REQUIREMENT →
Return the data word for word. Pictures are to be omitted.
*** Opening of RECORDS FOR THIS TASK ***
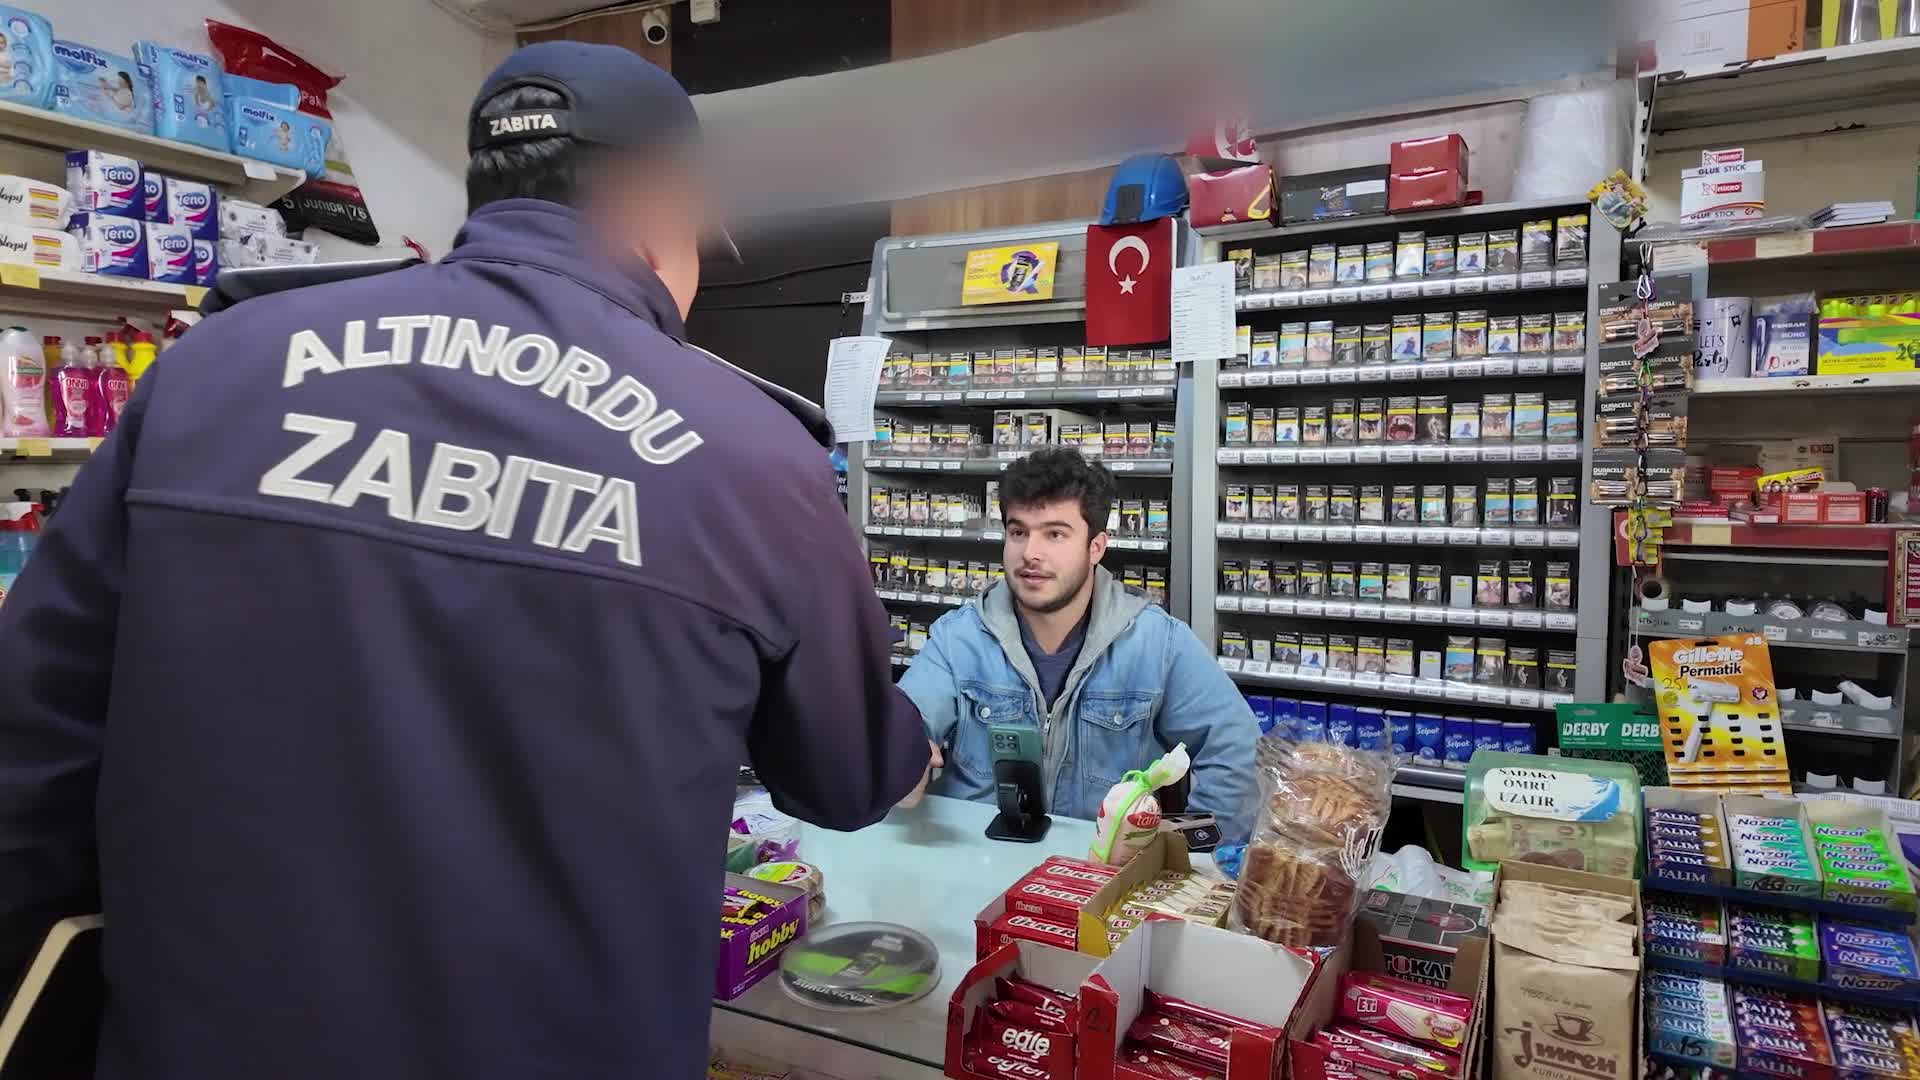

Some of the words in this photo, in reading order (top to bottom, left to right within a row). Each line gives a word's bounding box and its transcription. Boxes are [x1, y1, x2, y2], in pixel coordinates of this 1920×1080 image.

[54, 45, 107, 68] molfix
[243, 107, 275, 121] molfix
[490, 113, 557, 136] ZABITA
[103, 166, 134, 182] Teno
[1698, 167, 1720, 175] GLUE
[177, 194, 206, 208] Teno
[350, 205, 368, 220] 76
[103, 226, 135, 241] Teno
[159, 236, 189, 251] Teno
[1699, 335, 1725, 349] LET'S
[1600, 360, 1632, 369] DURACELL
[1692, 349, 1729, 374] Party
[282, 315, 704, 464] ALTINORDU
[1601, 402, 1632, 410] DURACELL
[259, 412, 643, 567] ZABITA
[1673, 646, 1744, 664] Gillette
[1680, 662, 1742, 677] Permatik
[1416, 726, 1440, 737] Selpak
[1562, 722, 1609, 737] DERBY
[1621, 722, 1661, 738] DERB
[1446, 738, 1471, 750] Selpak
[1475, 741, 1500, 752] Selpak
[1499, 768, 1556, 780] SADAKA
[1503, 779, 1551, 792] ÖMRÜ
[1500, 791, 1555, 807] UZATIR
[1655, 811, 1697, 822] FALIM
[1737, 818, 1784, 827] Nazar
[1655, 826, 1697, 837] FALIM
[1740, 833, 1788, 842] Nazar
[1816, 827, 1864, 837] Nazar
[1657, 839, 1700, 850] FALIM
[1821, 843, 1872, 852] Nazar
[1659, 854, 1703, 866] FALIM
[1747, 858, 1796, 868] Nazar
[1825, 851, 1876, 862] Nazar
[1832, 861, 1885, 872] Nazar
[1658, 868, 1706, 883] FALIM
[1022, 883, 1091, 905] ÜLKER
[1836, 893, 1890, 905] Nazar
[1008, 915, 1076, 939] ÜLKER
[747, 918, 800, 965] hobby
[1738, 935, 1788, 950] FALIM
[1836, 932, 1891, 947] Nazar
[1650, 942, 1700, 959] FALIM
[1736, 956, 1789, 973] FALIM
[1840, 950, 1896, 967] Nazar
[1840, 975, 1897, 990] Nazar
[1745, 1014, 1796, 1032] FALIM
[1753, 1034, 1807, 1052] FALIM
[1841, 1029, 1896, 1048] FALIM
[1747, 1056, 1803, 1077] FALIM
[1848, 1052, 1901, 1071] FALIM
*** Close of RECORDS FOR THIS TASK ***
YOUR SOLUTION →
Some of the words in this photo, in reading order (top to bottom, left to right within a row). Each line gives a word's bounding box and its transcription. Boxes are [x1, y1, x2, y2], in pixel coordinates of this 1920×1080 image.

[54, 45, 107, 68] molfix
[243, 107, 275, 121] molfix
[490, 113, 557, 136] ZABITA
[103, 166, 134, 182] Teno
[1698, 167, 1720, 175] GLUE
[177, 194, 206, 208] Teno
[350, 205, 368, 220] 76
[103, 226, 135, 241] Teno
[159, 236, 189, 251] Teno
[1699, 335, 1725, 349] LET'S
[1600, 360, 1632, 369] DURACELL
[1692, 349, 1729, 374] Party
[282, 315, 704, 464] ALTINORDU
[1601, 402, 1632, 410] DURACELL
[259, 412, 643, 567] ZABITA
[1673, 646, 1744, 664] Gillette
[1680, 662, 1742, 677] Permatik
[1416, 726, 1440, 737] Selpak
[1562, 722, 1609, 737] DERBY
[1621, 722, 1661, 738] DERB
[1446, 738, 1471, 750] Selpak
[1475, 741, 1500, 752] Selpak
[1499, 768, 1556, 780] SADAKA
[1503, 779, 1551, 792] ÖMRÜ
[1500, 791, 1555, 807] UZATIR
[1655, 811, 1697, 822] FALIM
[1737, 818, 1784, 827] Nazar
[1655, 826, 1697, 837] FALIM
[1740, 833, 1788, 842] Nazar
[1816, 827, 1864, 837] Nazar
[1657, 839, 1700, 850] FALIM
[1821, 843, 1872, 852] Nazar
[1659, 854, 1703, 866] FALIM
[1747, 858, 1796, 868] Nazar
[1825, 851, 1876, 862] Nazar
[1832, 861, 1885, 872] Nazar
[1658, 868, 1706, 883] FALIM
[1022, 883, 1091, 905] ÜLKER
[1836, 893, 1890, 905] Nazar
[1008, 915, 1076, 939] ÜLKER
[747, 918, 800, 965] hobby
[1738, 935, 1788, 950] FALIM
[1836, 932, 1891, 947] Nazar
[1650, 942, 1700, 959] FALIM
[1736, 956, 1789, 973] FALIM
[1840, 950, 1896, 967] Nazar
[1840, 975, 1897, 990] Nazar
[1745, 1014, 1796, 1032] FALIM
[1753, 1034, 1807, 1052] FALIM
[1841, 1029, 1896, 1048] FALIM
[1747, 1056, 1803, 1077] FALIM
[1848, 1052, 1901, 1071] FALIM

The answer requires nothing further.